FDR's Young Admirer
By George Will
WASHINGTON -- The letter from a 12-year-old to "my good
friend Roosvelt" is dated Nov. 6, 1940, one day after FDR
won a third term. Saying he is "very happy" FDR won, he
adds: "If you like, give me a ten dollars bill green
american." The letter, an enlarged copy of which is on
display in the National Archives, ends: "Good by. Your
friend, Fidel Castro."
Young Castro with his hand out prefigured his role in
political history.

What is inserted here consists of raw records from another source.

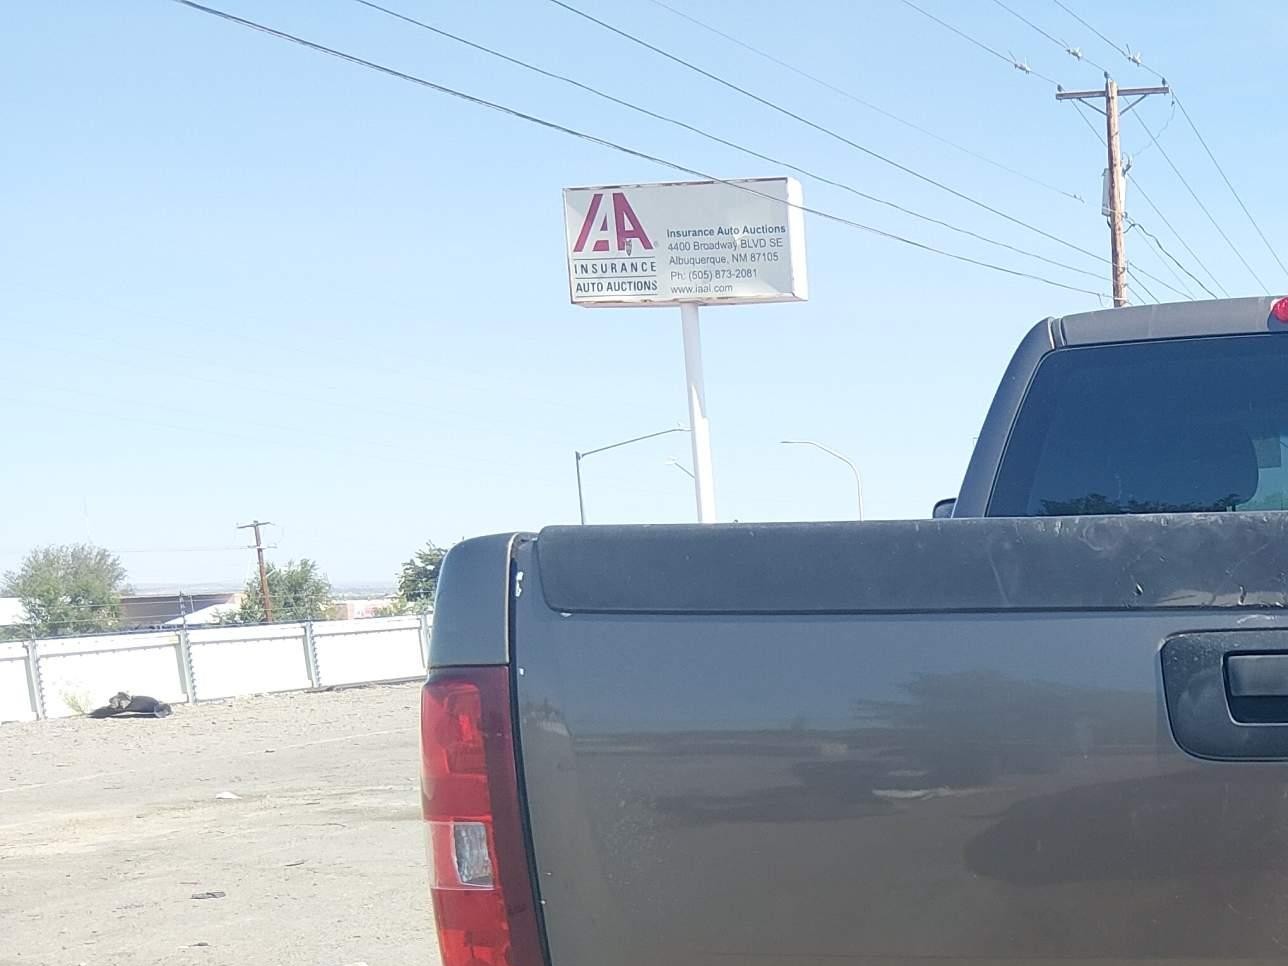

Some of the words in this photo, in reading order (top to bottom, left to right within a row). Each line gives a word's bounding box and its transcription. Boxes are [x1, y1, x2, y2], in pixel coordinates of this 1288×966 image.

[667, 228, 715, 238] Insurance
[717, 226, 739, 236] Auto
[742, 224, 786, 234] Auctions
[668, 242, 691, 252] 4400
[693, 240, 737, 251] Broadway
[740, 239, 766, 249] BLVD
[769, 238, 784, 247] SE
[669, 255, 730, 266] Albuquerque,
[731, 253, 748, 263] NM
[750, 252, 779, 262] 87105
[574, 261, 657, 275] INSURANCE
[670, 271, 686, 280] Ph:
[688, 270, 713, 281] (505)
[715, 268, 757, 279] 873-2081
[576, 281, 603, 293] AUTO
[606, 280, 658, 292] AUCTIONS

Until its spell was broken, Marxism
mesmerized millions by promising to solve mankind's
economic problem -- abundance without the alienation
caused by work, the French word for which is travail.
Instead, Castro created mendicant Marxism, making Cuba
dependent on huge subventions from the Soviet Union,
which paid eight times the market price for sugar, and
in the process purchased young Cuban men to fight in
various "wars of liberation." When Russia withdrew its
aid, Cuba's economy quickly shrank 35 percent, more
than the U.S. economy contracted (26.5 percent) in the
Depression. Cuba under communism had to import sugar.
Today, Hugo Chavez's Venezuela provides $4 billion of
oil to a Cuba with a GDP of $45 billion.